(Beginning of Available data)

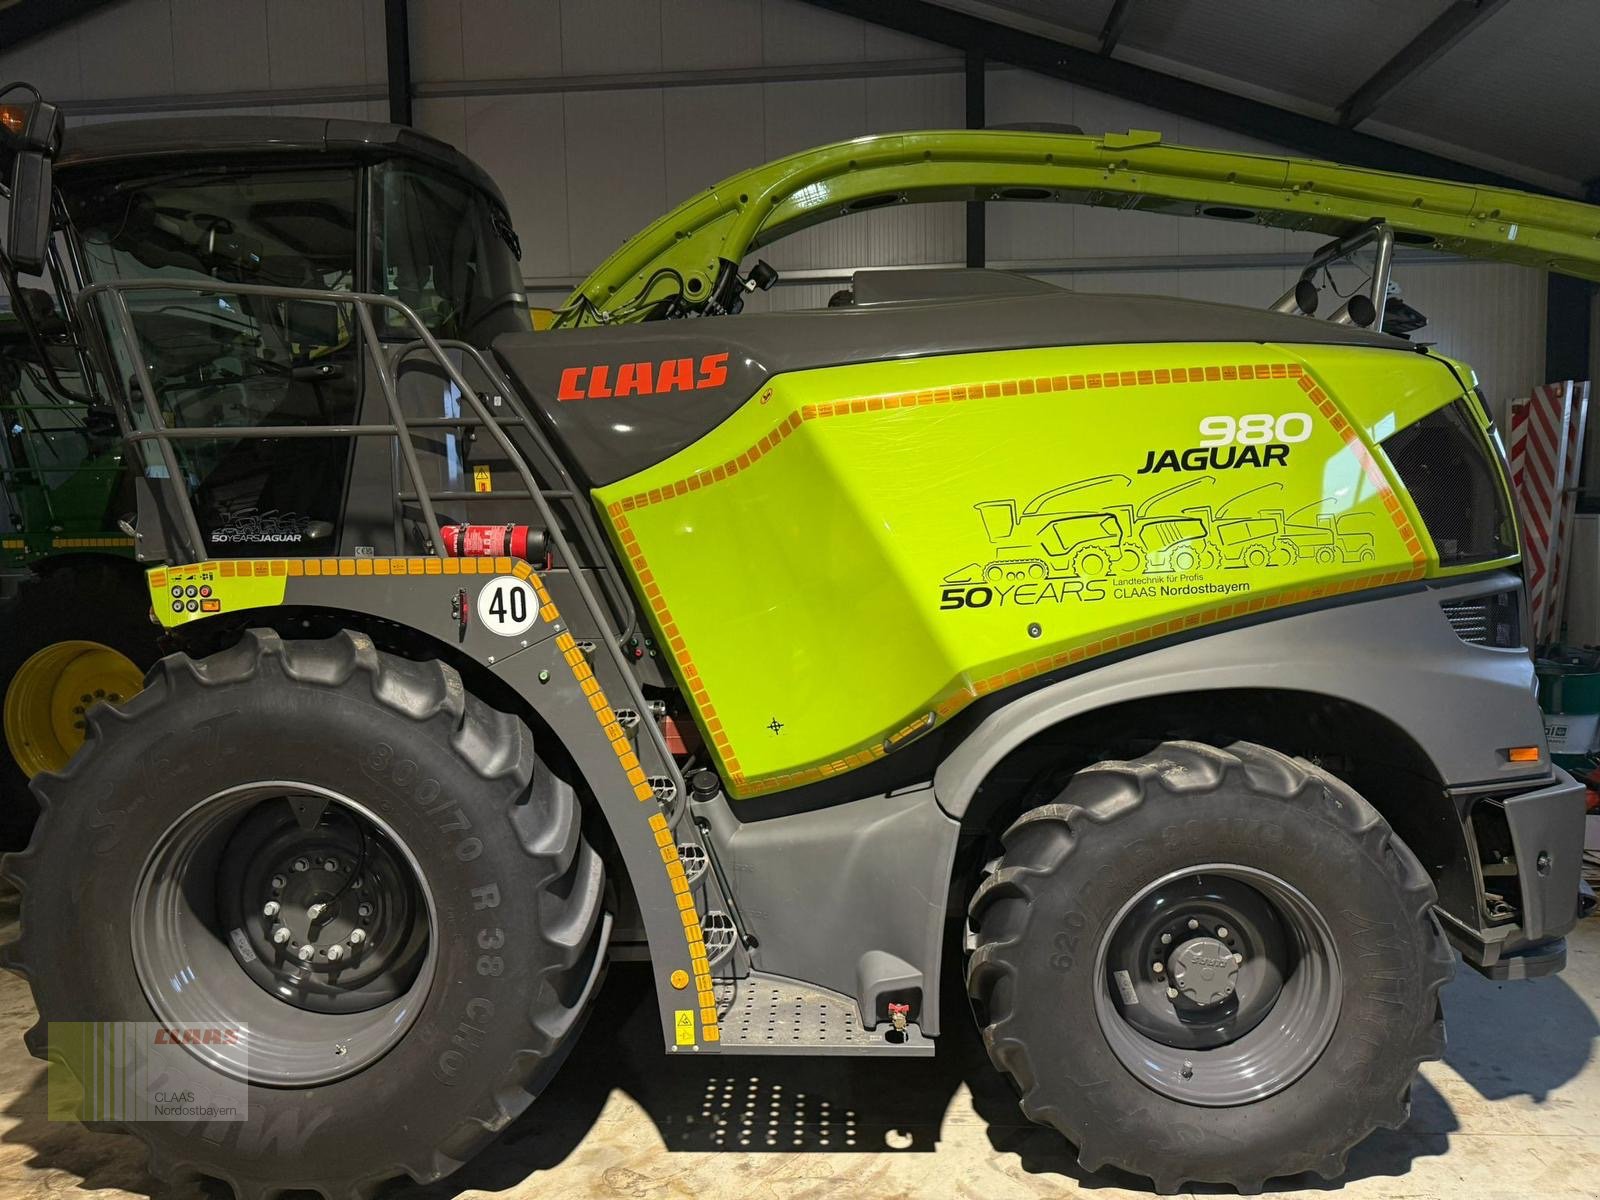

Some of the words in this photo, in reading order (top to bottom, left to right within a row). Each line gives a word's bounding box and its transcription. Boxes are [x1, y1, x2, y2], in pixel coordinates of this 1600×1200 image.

[557, 352, 729, 402] CLAAS
[1199, 412, 1313, 448] 980
[1137, 444, 1290, 475] JAGUAR
[1112, 577, 1164, 586] Landtechnik
[1166, 574, 1177, 584] für
[1180, 573, 1204, 582] Profis
[1113, 586, 1157, 599] CLAAS
[1160, 582, 1250, 597] Nordostbayern
[489, 586, 527, 623] 40
[367, 742, 484, 862] 800/70
[471, 882, 501, 911] R
[476, 928, 505, 977] 38
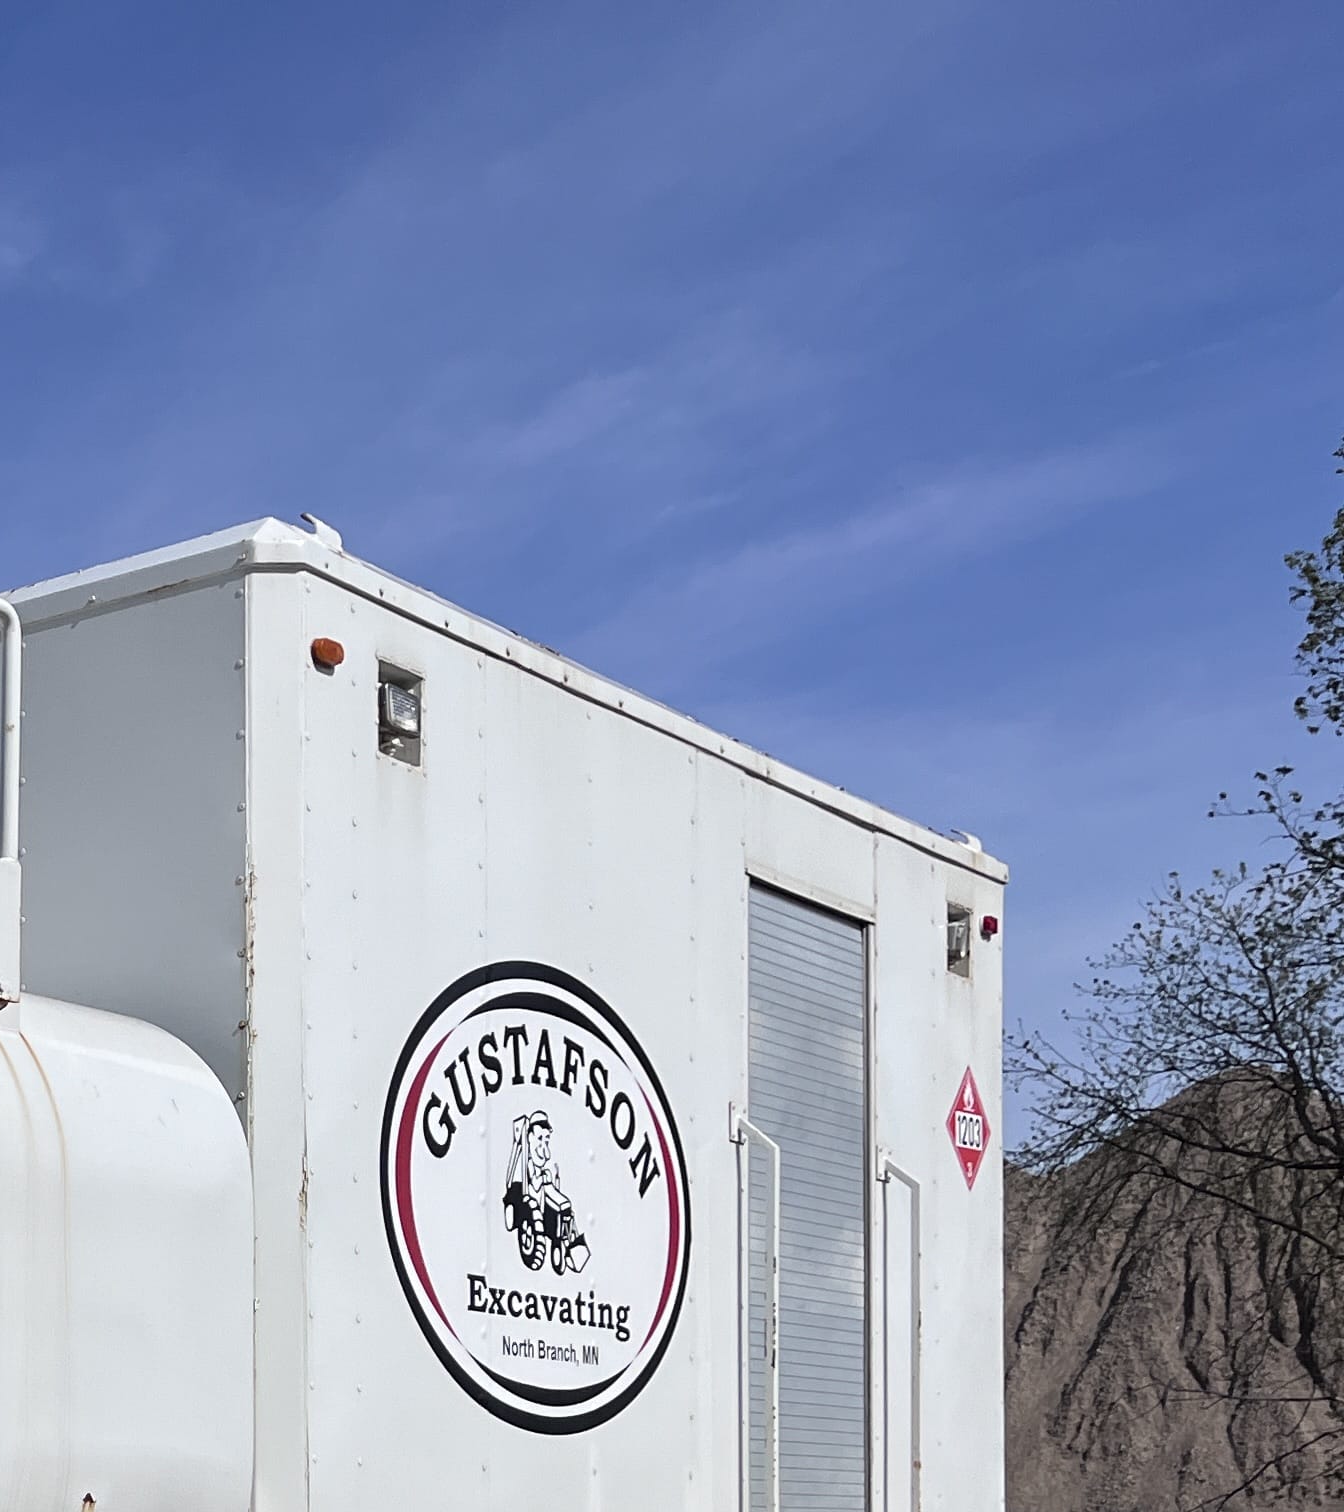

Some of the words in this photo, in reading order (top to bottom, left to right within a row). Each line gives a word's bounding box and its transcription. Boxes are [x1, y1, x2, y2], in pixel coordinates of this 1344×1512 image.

[423, 1024, 660, 1199] GUSTAFSON
[957, 1115, 981, 1148] 1203
[467, 1274, 630, 1342] Excavating
[502, 1335, 534, 1358] North
[538, 1340, 579, 1366] Branch,
[583, 1345, 599, 1365] MN
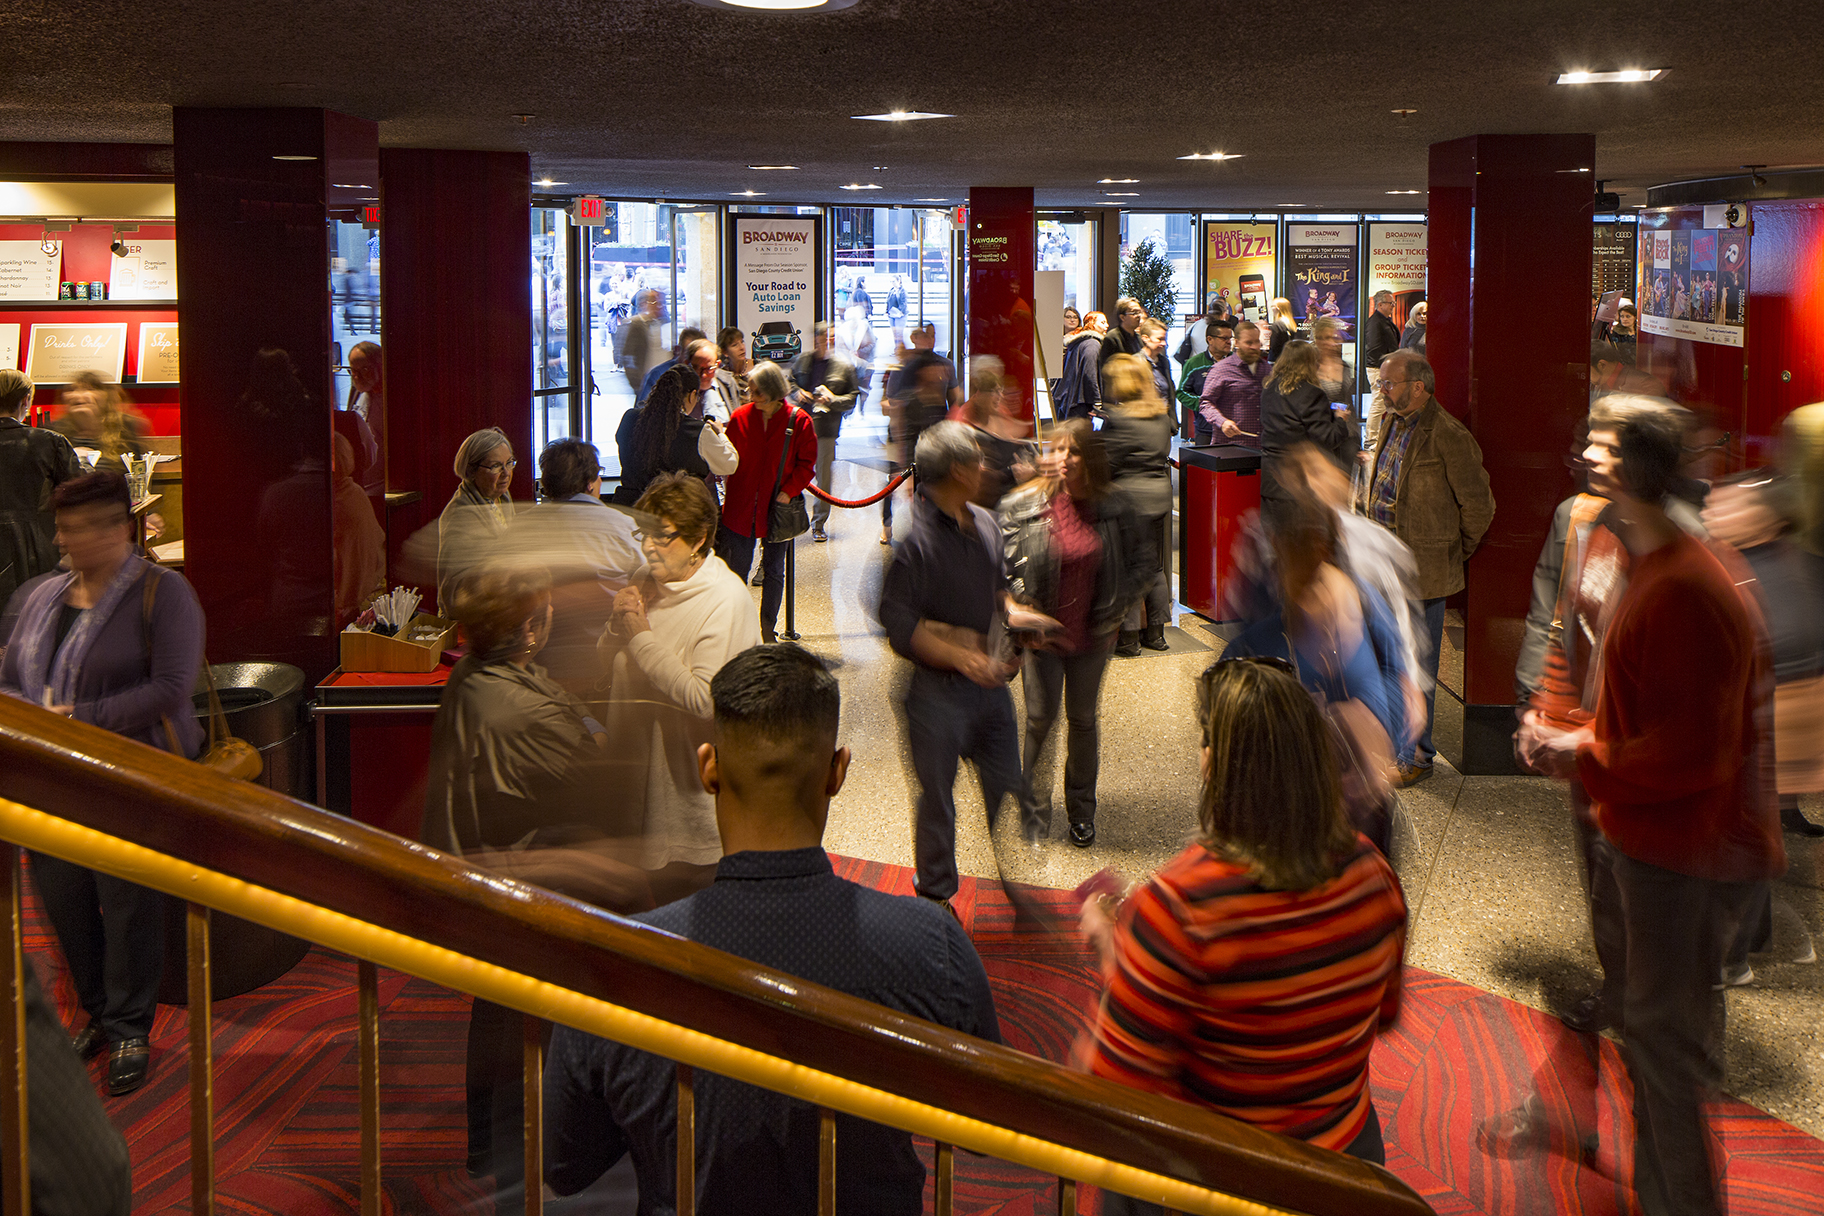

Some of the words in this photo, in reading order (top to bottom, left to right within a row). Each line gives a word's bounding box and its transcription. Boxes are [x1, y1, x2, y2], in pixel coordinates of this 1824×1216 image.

[581, 199, 602, 218] EXIT
[743, 231, 809, 244] BROADWAY
[1210, 230, 1242, 242] SHARE
[1215, 237, 1272, 260] BUZZ!
[1295, 272, 1307, 281] The
[1304, 267, 1331, 285] King
[1331, 272, 1342, 280] and
[1342, 269, 1350, 282] I
[746, 282, 769, 291] Your
[771, 281, 794, 290] Road
[796, 282, 806, 290] to
[752, 293, 776, 301] Auto
[778, 292, 801, 301] Loan
[758, 303, 795, 313] Savings
[45, 335, 76, 348] Drinks
[81, 334, 113, 355] Only!
[151, 332, 172, 351] Skip

(End of Available data)

Problem details: Would you reproduce the lines above exactly, without carrying over the pictures?

Finished exercise:
Some of the words in this photo, in reading order (top to bottom, left to right within a row). Each line gives a word's bounding box and its transcription. Boxes are [x1, y1, x2, y2], in pixel coordinates of this 1600×1200 image.

[557, 352, 729, 402] CLAAS
[1199, 412, 1313, 448] 980
[1137, 444, 1290, 475] JAGUAR
[1112, 577, 1164, 586] Landtechnik
[1166, 574, 1177, 584] für
[1180, 573, 1204, 582] Profis
[1113, 586, 1157, 599] CLAAS
[1160, 582, 1250, 597] Nordostbayern
[489, 586, 527, 623] 40
[367, 742, 484, 862] 800/70
[471, 882, 501, 911] R
[476, 928, 505, 977] 38

Some of the words in this photo, in reading order (top to bottom, left to right within a row). Each line gives a word's bounding box and its transcription. Boxes are [x1, y1, x2, y2], in pixel coordinates of this 1344×1512 image.

[423, 1024, 660, 1199] GUSTAFSON
[957, 1115, 981, 1148] 1203
[467, 1274, 630, 1342] Excavating
[502, 1335, 534, 1358] North
[538, 1340, 579, 1366] Branch,
[583, 1345, 599, 1365] MN

Some of the words in this photo, in reading order (top to bottom, left to right within a row). Each line gives a word's bounding box and its transcription. Boxes are [x1, y1, x2, y2], in pixel coordinates of this 1824×1216 image.

[581, 199, 602, 218] EXIT
[743, 231, 809, 244] BROADWAY
[1210, 230, 1242, 242] SHARE
[1215, 237, 1272, 260] BUZZ!
[1295, 272, 1307, 281] The
[1304, 267, 1331, 285] King
[1331, 272, 1342, 280] and
[1342, 269, 1350, 282] I
[746, 282, 769, 291] Your
[771, 281, 794, 290] Road
[796, 282, 806, 290] to
[752, 293, 776, 301] Auto
[778, 292, 801, 301] Loan
[758, 303, 795, 313] Savings
[45, 335, 76, 348] Drinks
[81, 334, 113, 355] Only!
[151, 332, 172, 351] Skip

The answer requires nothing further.